The conversion rate of the (1R,2R) -2-hydroxycyclopentanenitrile prepared by the method is not less than 85%, and the diastereomer excess value is not less than 85%; preferably, the conversion rate is not lower than 90%, and the diastereomer excess value is not lower than 90%; more preferably, the conversion is not less than 95% and the diastereomeric excess is not less than 95%.

The invention realizes the selective reduction of 2-carbonyl cyclopentanenitrile by a novel enzyme catalysis process technology, thereby realizing the purpose of preparing pure (1R,2R) -2-hydroxycyclopentanenitrile in a large scale.

The method has the advantages that the conversion rate of the (1R,2R) -2-hydroxycyclopentanenitrile prepared by the method is not lower than 85%, and the diastereomer excess value is not lower than 85%. The method for efficiently producing the (1R,2R) -2-hydroxycyclopentanenitrile with enantiomer purity by a novel enzyme catalysis technology has important significance. The method has the advantages of simple and easy operation, high yield and good selectivity.

Drawings

FIG. 1 is a high performance gas chromatography spectrum of (1R,2R) -2-hydroxycyclopentanenitrile in example 1.

Detailed Description

The technical solutions of the present invention will be described clearly and completely below, and it should be apparent that the described embodiments are some, but not all, embodiments of the present invention. All other embodiments, which can be obtained by a person skilled in the art without any inventive step based on the embodiments of the present invention, are within the scope of the present invention.

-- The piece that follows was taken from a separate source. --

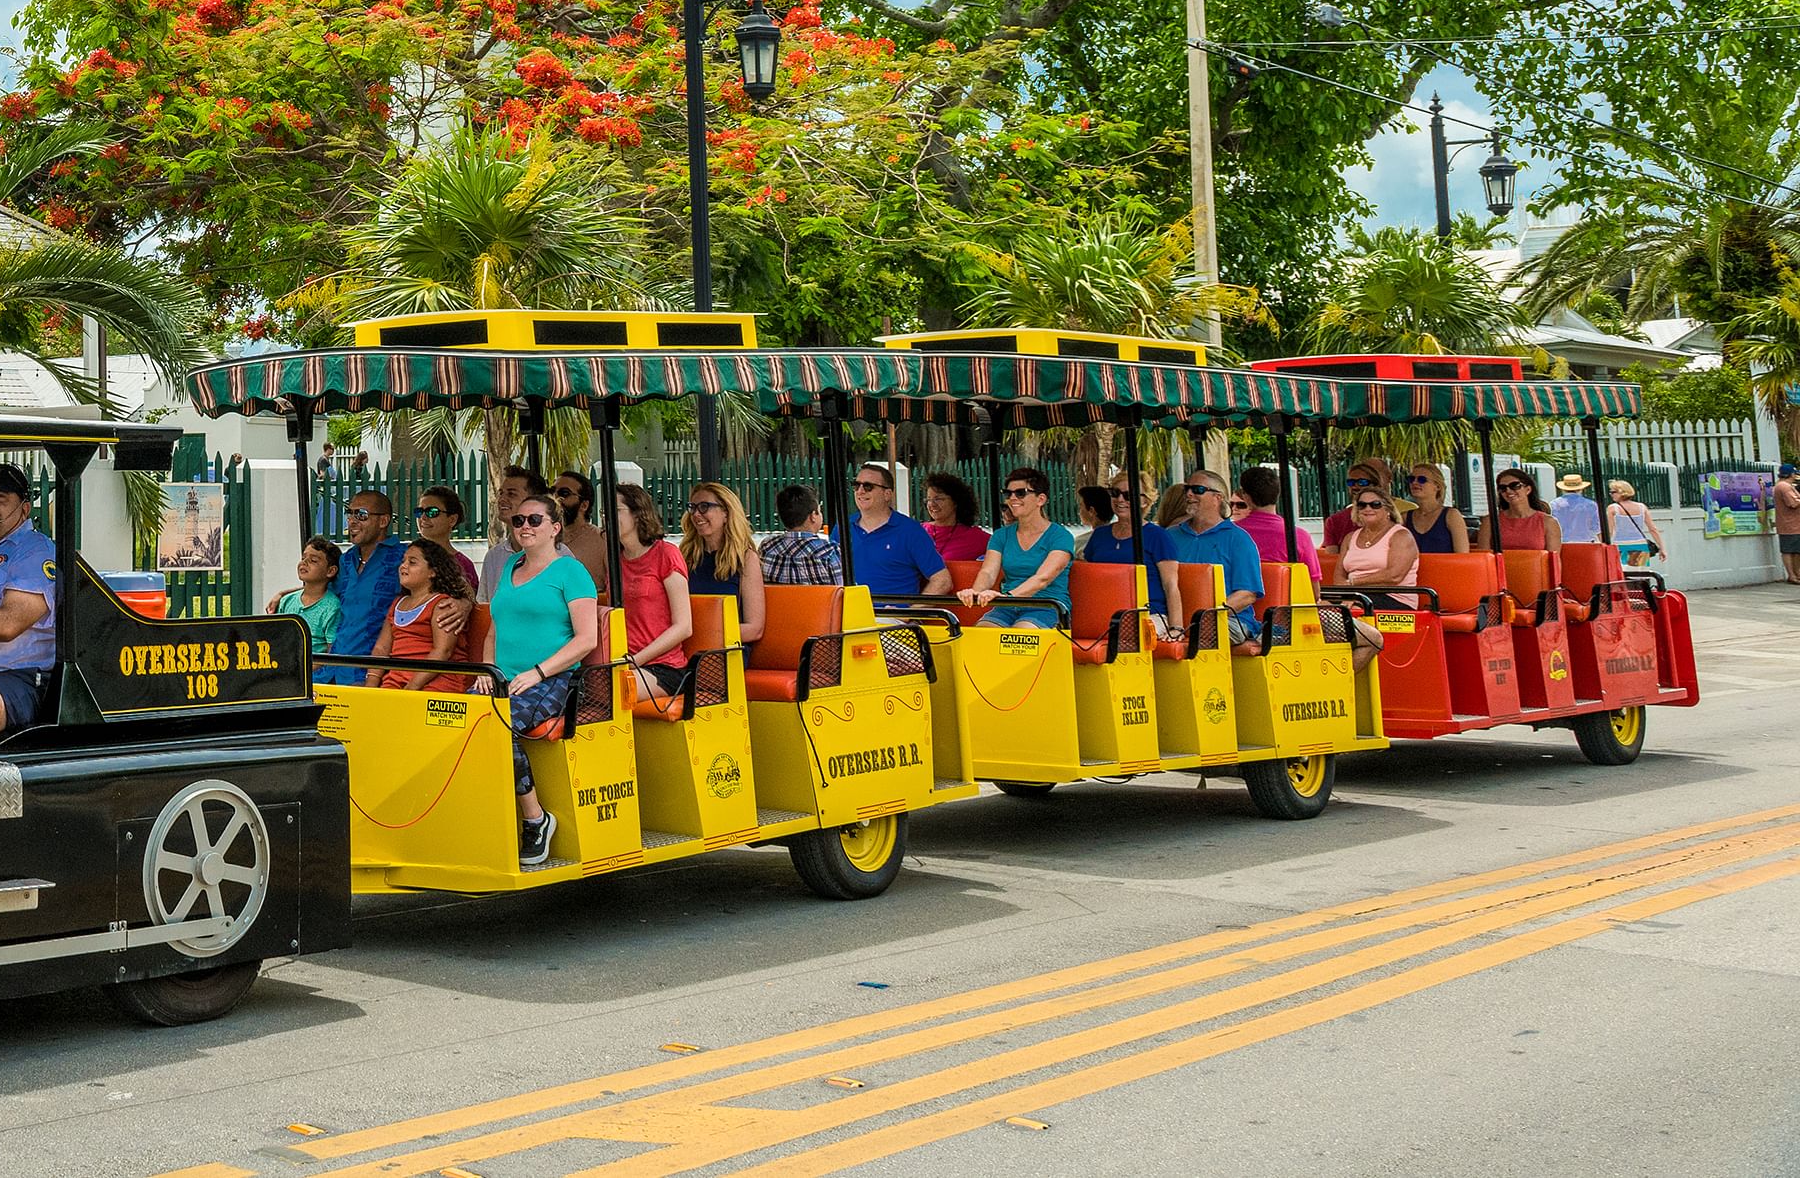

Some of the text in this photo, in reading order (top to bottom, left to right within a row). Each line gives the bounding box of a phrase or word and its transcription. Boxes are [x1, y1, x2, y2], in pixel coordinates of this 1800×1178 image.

The inventor of the present application has conducted intensive studies and unexpectedly found a method for preparing (1R,2R) -2-hydroxycyclopentanenitrile through biocatalysis for the first time. Specifically, the method of the present invention broadly comprises the steps of:

(1) catalytic reduction of 2-carbonyl cyclopentanecarbonitrile using ketoreductases. The addition amount of ketoreductase is 0.1-10 g ketoreductaseProenzyme/g substrate (preferably in the range of 2.5g ketoreductase/g substrate). Selecting 0.5-50 g of glucose/g of substrate as a hydrogen source, and further adding 0.01-1 g of Glucose Dehydrogenase (GDH)/g of substrate as the hydrogen source, 0.01-1.0 g of Nicotinamide Adenine Dinucleotide Phosphate (NADP)/g of substrate and 0.01-1.0 g of Nicotinamide Adenine Dinucleotide (NAD)/g of substrate as coenzymes. The reaction temperature is 15-60 ℃, and preferably 25-35 ℃. The reaction medium is pure water or KH with phosphate concentration of 0.02-2 mol/L (preferably 0.2mol/L) and pH of 5-9 (preferably pH of 6.2-7.5)₂PO₄-K₂HPO₄Or NaH₂PO₄-Na₂HPO₄The buffer solution may be pure water or a two-phase system composed of the above buffer solution and a water-immiscible organic solvent (e.g., N-dimethylformamide or dimethylsulfoxide).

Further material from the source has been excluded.